The task: Transcribe every entry word for word.

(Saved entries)
----------

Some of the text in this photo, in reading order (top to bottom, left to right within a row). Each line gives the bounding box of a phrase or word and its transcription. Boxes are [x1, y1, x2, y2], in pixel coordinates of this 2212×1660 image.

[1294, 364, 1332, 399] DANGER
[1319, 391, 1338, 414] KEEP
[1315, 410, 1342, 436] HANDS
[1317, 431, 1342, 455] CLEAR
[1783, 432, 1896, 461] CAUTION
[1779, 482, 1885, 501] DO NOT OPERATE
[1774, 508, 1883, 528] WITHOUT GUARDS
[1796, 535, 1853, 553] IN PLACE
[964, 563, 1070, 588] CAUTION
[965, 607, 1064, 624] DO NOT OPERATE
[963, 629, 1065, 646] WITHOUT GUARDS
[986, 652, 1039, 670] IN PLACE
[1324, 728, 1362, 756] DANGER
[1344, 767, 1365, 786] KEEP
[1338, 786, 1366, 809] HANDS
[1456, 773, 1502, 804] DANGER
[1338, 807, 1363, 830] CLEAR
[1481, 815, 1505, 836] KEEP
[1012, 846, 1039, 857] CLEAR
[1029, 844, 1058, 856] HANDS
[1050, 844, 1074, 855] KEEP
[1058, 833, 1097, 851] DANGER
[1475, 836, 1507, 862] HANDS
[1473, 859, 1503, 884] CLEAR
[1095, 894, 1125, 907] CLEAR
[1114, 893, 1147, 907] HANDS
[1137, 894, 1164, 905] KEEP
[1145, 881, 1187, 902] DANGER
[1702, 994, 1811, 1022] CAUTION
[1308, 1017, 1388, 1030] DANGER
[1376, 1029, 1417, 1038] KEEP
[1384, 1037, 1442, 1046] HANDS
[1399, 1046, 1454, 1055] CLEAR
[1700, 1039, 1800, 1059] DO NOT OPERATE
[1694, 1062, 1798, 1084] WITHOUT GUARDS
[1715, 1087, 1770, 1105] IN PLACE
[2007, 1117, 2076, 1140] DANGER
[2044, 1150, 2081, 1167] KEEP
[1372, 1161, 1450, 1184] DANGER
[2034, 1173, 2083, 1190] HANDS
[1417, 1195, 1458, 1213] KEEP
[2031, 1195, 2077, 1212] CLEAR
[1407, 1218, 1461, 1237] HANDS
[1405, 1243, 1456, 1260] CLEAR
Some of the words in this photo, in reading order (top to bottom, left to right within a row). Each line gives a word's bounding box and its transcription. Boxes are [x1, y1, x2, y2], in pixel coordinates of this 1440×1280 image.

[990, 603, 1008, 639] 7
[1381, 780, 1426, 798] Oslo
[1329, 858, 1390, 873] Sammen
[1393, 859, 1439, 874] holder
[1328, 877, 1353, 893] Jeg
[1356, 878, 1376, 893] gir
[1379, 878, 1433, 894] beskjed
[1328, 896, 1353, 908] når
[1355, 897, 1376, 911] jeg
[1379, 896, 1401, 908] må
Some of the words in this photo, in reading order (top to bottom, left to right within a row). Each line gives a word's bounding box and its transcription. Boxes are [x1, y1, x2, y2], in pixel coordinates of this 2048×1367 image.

----------

Answer to the exercise:
Some of the text in this photo, in reading order (top to bottom, left to right within a row). Each line gives the bounding box of a phrase or word and its transcription. Boxes are [x1, y1, x2, y2], in pixel coordinates of this 2212×1660 image.

[1294, 364, 1332, 399] DANGER
[1319, 391, 1338, 414] KEEP
[1315, 410, 1342, 436] HANDS
[1317, 431, 1342, 455] CLEAR
[1783, 432, 1896, 461] CAUTION
[1779, 482, 1885, 501] DO NOT OPERATE
[1774, 508, 1883, 528] WITHOUT GUARDS
[1796, 535, 1853, 553] IN PLACE
[964, 563, 1070, 588] CAUTION
[965, 607, 1064, 624] DO NOT OPERATE
[963, 629, 1065, 646] WITHOUT GUARDS
[986, 652, 1039, 670] IN PLACE
[1324, 728, 1362, 756] DANGER
[1344, 767, 1365, 786] KEEP
[1338, 786, 1366, 809] HANDS
[1456, 773, 1502, 804] DANGER
[1338, 807, 1363, 830] CLEAR
[1481, 815, 1505, 836] KEEP
[1012, 846, 1039, 857] CLEAR
[1029, 844, 1058, 856] HANDS
[1050, 844, 1074, 855] KEEP
[1058, 833, 1097, 851] DANGER
[1475, 836, 1507, 862] HANDS
[1473, 859, 1503, 884] CLEAR
[1095, 894, 1125, 907] CLEAR
[1114, 893, 1147, 907] HANDS
[1137, 894, 1164, 905] KEEP
[1145, 881, 1187, 902] DANGER
[1702, 994, 1811, 1022] CAUTION
[1308, 1017, 1388, 1030] DANGER
[1376, 1029, 1417, 1038] KEEP
[1384, 1037, 1442, 1046] HANDS
[1399, 1046, 1454, 1055] CLEAR
[1700, 1039, 1800, 1059] DO NOT OPERATE
[1694, 1062, 1798, 1084] WITHOUT GUARDS
[1715, 1087, 1770, 1105] IN PLACE
[2007, 1117, 2076, 1140] DANGER
[2044, 1150, 2081, 1167] KEEP
[1372, 1161, 1450, 1184] DANGER
[2034, 1173, 2083, 1190] HANDS
[1417, 1195, 1458, 1213] KEEP
[2031, 1195, 2077, 1212] CLEAR
[1407, 1218, 1461, 1237] HANDS
[1405, 1243, 1456, 1260] CLEAR
Some of the words in this photo, in reading order (top to bottom, left to right within a row). Each line gives a word's bounding box and its transcription. Boxes are [x1, y1, x2, y2], in pixel coordinates of this 1440×1280 image.

[990, 603, 1008, 639] 7
[1381, 780, 1426, 798] Oslo
[1329, 858, 1390, 873] Sammen
[1393, 859, 1439, 874] holder
[1328, 877, 1353, 893] Jeg
[1356, 878, 1376, 893] gir
[1379, 878, 1433, 894] beskjed
[1328, 896, 1353, 908] når
[1355, 897, 1376, 911] jeg
[1379, 896, 1401, 908] må
Some of the words in this photo, in reading order (top to bottom, left to right within a row). Each line gives a word's bounding box and its transcription. Boxes are [x1, y1, x2, y2], in pixel coordinates of this 2048×1367 image.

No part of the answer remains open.